Prompt
Retype all of the data. Every line must match exactly.

[Records excerpted from a collection]
__________________________________________________
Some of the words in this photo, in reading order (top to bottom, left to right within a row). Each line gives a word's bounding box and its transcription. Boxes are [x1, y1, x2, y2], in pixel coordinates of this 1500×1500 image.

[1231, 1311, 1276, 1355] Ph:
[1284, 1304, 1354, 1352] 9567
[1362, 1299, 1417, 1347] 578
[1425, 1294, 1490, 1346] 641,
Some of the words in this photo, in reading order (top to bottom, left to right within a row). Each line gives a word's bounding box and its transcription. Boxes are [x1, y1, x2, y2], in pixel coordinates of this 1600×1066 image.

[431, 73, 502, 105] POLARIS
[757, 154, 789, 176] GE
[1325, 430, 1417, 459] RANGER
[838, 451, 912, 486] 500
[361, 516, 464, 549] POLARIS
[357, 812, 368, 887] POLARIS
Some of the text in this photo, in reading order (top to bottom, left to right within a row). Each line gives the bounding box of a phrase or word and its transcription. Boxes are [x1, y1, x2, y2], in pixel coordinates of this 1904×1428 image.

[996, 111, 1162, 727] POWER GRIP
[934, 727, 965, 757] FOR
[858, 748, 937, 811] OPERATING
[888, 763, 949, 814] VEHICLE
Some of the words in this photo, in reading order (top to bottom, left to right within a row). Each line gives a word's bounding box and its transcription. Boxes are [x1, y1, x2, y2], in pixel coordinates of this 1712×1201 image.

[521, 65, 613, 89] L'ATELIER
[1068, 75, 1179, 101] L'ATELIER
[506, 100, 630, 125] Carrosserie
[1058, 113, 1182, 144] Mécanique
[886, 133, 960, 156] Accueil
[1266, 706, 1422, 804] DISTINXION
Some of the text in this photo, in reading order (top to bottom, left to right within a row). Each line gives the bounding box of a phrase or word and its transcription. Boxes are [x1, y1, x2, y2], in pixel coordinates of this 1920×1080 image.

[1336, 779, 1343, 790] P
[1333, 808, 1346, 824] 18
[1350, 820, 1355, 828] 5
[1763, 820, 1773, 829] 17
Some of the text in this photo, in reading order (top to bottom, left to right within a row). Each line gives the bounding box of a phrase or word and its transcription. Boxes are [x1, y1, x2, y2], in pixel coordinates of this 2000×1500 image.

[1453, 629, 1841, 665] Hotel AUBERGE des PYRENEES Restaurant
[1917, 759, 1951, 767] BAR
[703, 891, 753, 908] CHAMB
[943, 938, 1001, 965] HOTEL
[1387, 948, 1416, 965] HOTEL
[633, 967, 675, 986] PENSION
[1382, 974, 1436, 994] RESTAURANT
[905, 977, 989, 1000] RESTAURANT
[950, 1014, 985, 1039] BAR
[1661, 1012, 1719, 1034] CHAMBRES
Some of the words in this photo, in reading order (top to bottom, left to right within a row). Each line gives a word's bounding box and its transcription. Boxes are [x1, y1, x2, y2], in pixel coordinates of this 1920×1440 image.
__________________________________________________
Response
Some of the words in this photo, in reading order (top to bottom, left to right within a row). Each line gives a word's bounding box and its transcription. Boxes are [x1, y1, x2, y2], in pixel coordinates of this 1500×1500 image.

[1231, 1311, 1276, 1355] Ph:
[1284, 1304, 1354, 1352] 9567
[1362, 1299, 1417, 1347] 578
[1425, 1294, 1490, 1346] 641,
Some of the words in this photo, in reading order (top to bottom, left to right within a row). Each line gives a word's bounding box and its transcription. Boxes are [x1, y1, x2, y2], in pixel coordinates of this 1600×1066 image.

[431, 73, 502, 105] POLARIS
[757, 154, 789, 176] GE
[1325, 430, 1417, 459] RANGER
[838, 451, 912, 486] 500
[361, 516, 464, 549] POLARIS
[357, 812, 368, 887] POLARIS
Some of the text in this photo, in reading order (top to bottom, left to right within a row). Each line gives the bounding box of a phrase or word and its transcription. Boxes are [x1, y1, x2, y2], in pixel coordinates of this 1904×1428 image.

[996, 111, 1162, 727] POWER GRIP
[934, 727, 965, 757] FOR
[858, 748, 937, 811] OPERATING
[888, 763, 949, 814] VEHICLE
Some of the words in this photo, in reading order (top to bottom, left to right within a row). Each line gives a word's bounding box and its transcription. Boxes are [x1, y1, x2, y2], in pixel coordinates of this 1712×1201 image.

[521, 65, 613, 89] L'ATELIER
[1068, 75, 1179, 101] L'ATELIER
[506, 100, 630, 125] Carrosserie
[1058, 113, 1182, 144] Mécanique
[886, 133, 960, 156] Accueil
[1266, 706, 1422, 804] DISTINXION
Some of the text in this photo, in reading order (top to bottom, left to right within a row). Each line gives the bounding box of a phrase or word and its transcription. Boxes are [x1, y1, x2, y2], in pixel coordinates of this 1920×1080 image.

[1336, 779, 1343, 790] P
[1333, 808, 1346, 824] 18
[1350, 820, 1355, 828] 5
[1763, 820, 1773, 829] 17
Some of the text in this photo, in reading order (top to bottom, left to right within a row). Each line gives the bounding box of a phrase or word and its transcription. Boxes are [x1, y1, x2, y2], in pixel coordinates of this 2000×1500 image.

[1453, 629, 1841, 665] Hotel AUBERGE des PYRENEES Restaurant
[1917, 759, 1951, 767] BAR
[703, 891, 753, 908] CHAMB
[943, 938, 1001, 965] HOTEL
[1387, 948, 1416, 965] HOTEL
[633, 967, 675, 986] PENSION
[1382, 974, 1436, 994] RESTAURANT
[905, 977, 989, 1000] RESTAURANT
[950, 1014, 985, 1039] BAR
[1661, 1012, 1719, 1034] CHAMBRES
Some of the words in this photo, in reading order (top to bottom, left to right within a row). Each line gives a word's bounding box and its transcription. Boxes are [x1, y1, x2, y2], in pixel coordinates of this 1920×1440 image.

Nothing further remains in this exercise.